University students have been invited to leverage their skills for defence and national security R&D.
Defence has rolled out a new entrepreneurship program, D.Start Catalyst, designed to provide university students from across the country with an opportunity to explore innovative solutions to defence and national security challenges.
As part of the initiative, modelled on similar programs launched in the US and the UK, Defence will partner with not-for-profit organisation Common Mission Project to establish the program in local universities.
Common Mission Project has been tasked with providing Defence with insight into the US and UK programs, delivering training for university staff and Defence personnel, and co-ordinating the delivery of university courses to students in a range of disciplines.

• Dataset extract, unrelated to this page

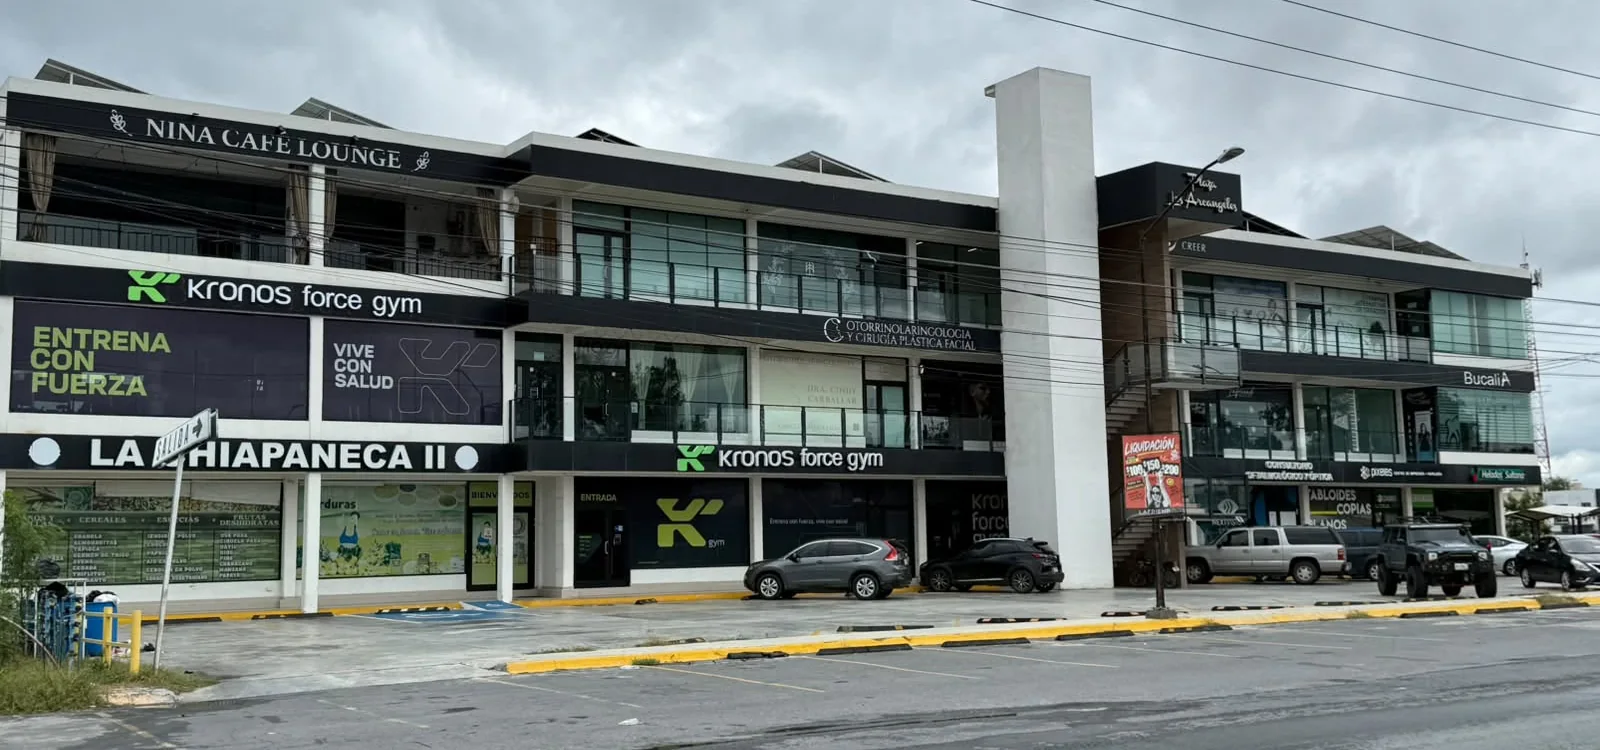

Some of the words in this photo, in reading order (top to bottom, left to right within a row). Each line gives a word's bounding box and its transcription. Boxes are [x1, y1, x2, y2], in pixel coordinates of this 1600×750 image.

D.Start Catalyst builds on the success of pilot program ‘Hacking for National Security’, conducted at the University of NSW earlier this year.

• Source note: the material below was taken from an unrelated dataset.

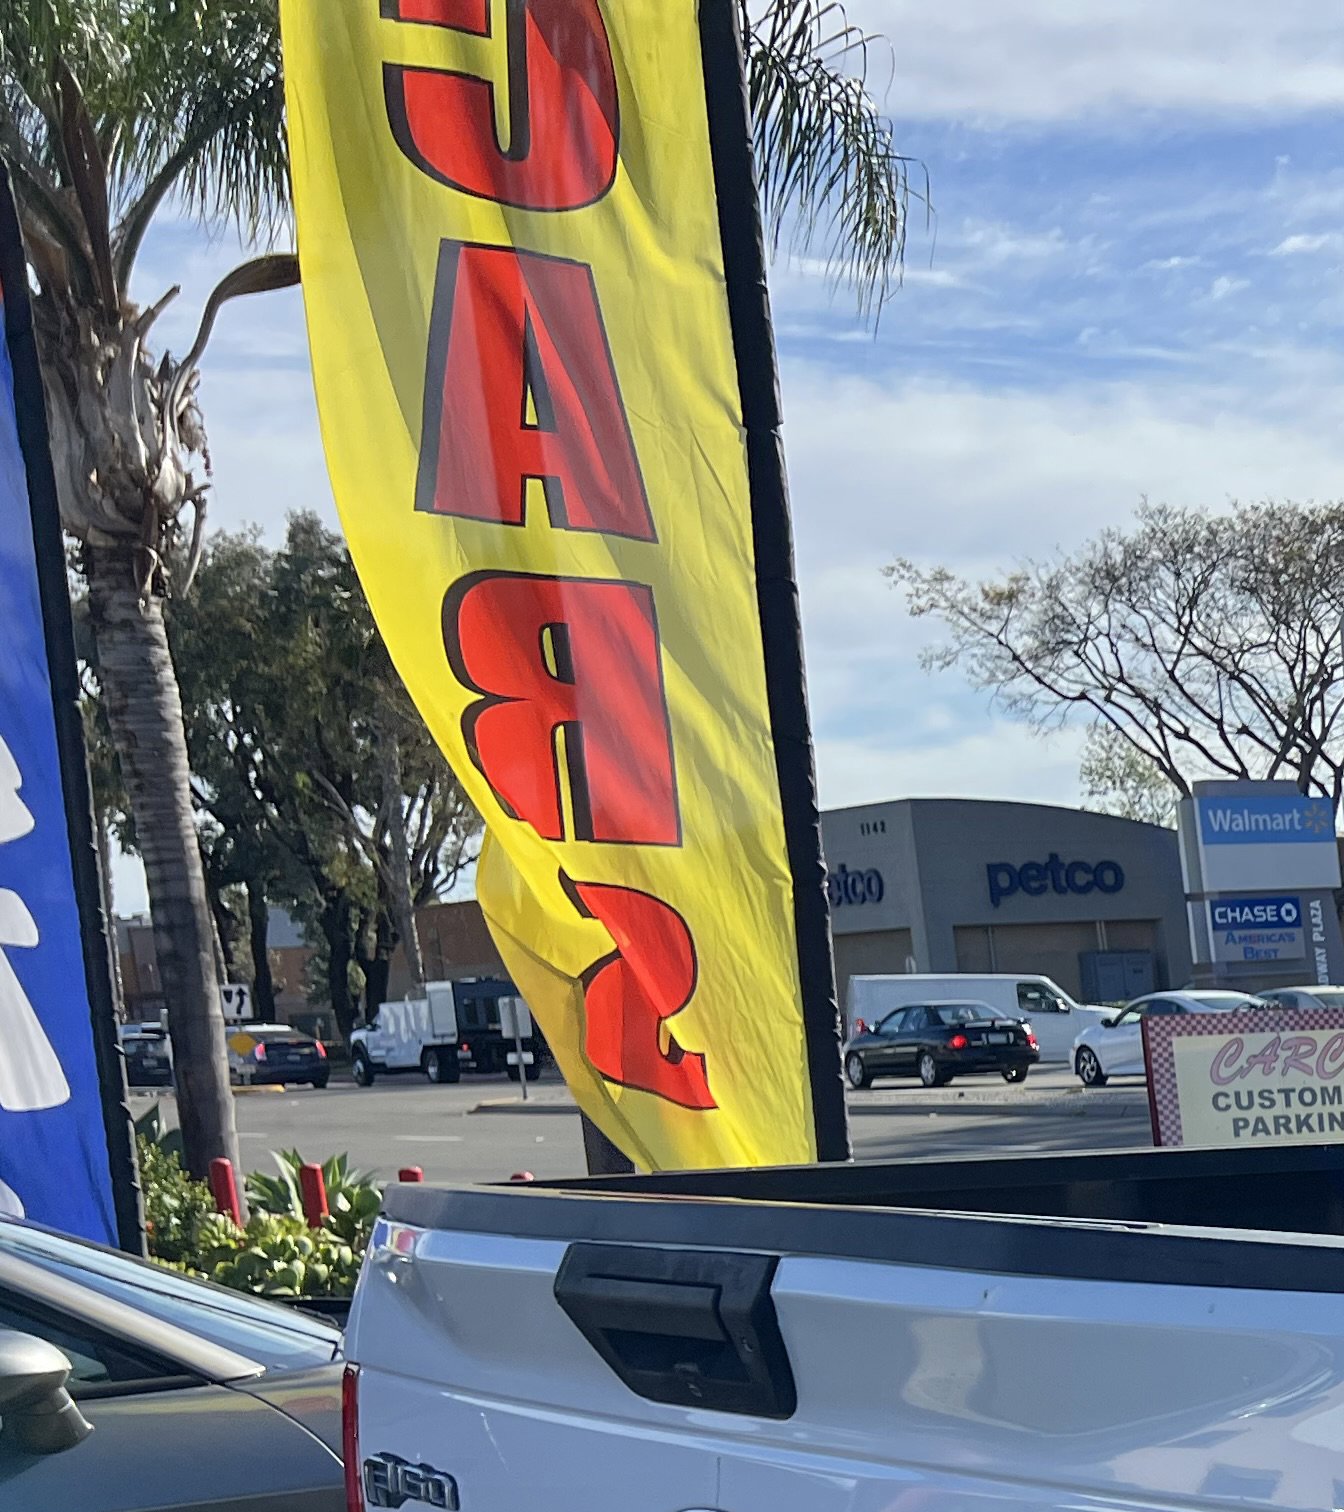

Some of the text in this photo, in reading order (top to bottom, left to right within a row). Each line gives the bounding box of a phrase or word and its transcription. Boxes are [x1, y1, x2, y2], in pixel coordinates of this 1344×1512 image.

"D.Start Catalyst will allow us to access fresh talent within Australian universities and tap into the benefits of lean start-up methods, including world-class market research, resulting in faster delivery of Defence capabilities," chief of the science engagement and impact division, Dr David Kershaw, said.
"The program is also part of Defence's effort to reach the STEM community and to attract the best and brightest into Defence and defence industry careers.”

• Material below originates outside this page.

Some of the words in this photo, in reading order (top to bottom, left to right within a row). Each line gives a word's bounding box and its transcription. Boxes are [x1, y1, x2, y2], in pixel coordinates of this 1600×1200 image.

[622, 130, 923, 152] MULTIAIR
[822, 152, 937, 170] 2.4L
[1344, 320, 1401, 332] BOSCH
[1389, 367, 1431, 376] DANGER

D.Start Catalyst forms part of the Defence Research Accelerator program, which aims to foster an understanding of the Defence problem space within the Australian educational and entrepreneurial ecosystem.
The Defence Research Accelerator is an initiative of the Next Generation Technologies Fund (NGTF), expected to invest $1.2 billion in innovation projects across academia and industry.
D.Start Catalyst follows on from the D.Start Ignite program, which provides university teams and SMEs with collaboration opportunities with Defence, delivered in partnership with the CSIRO.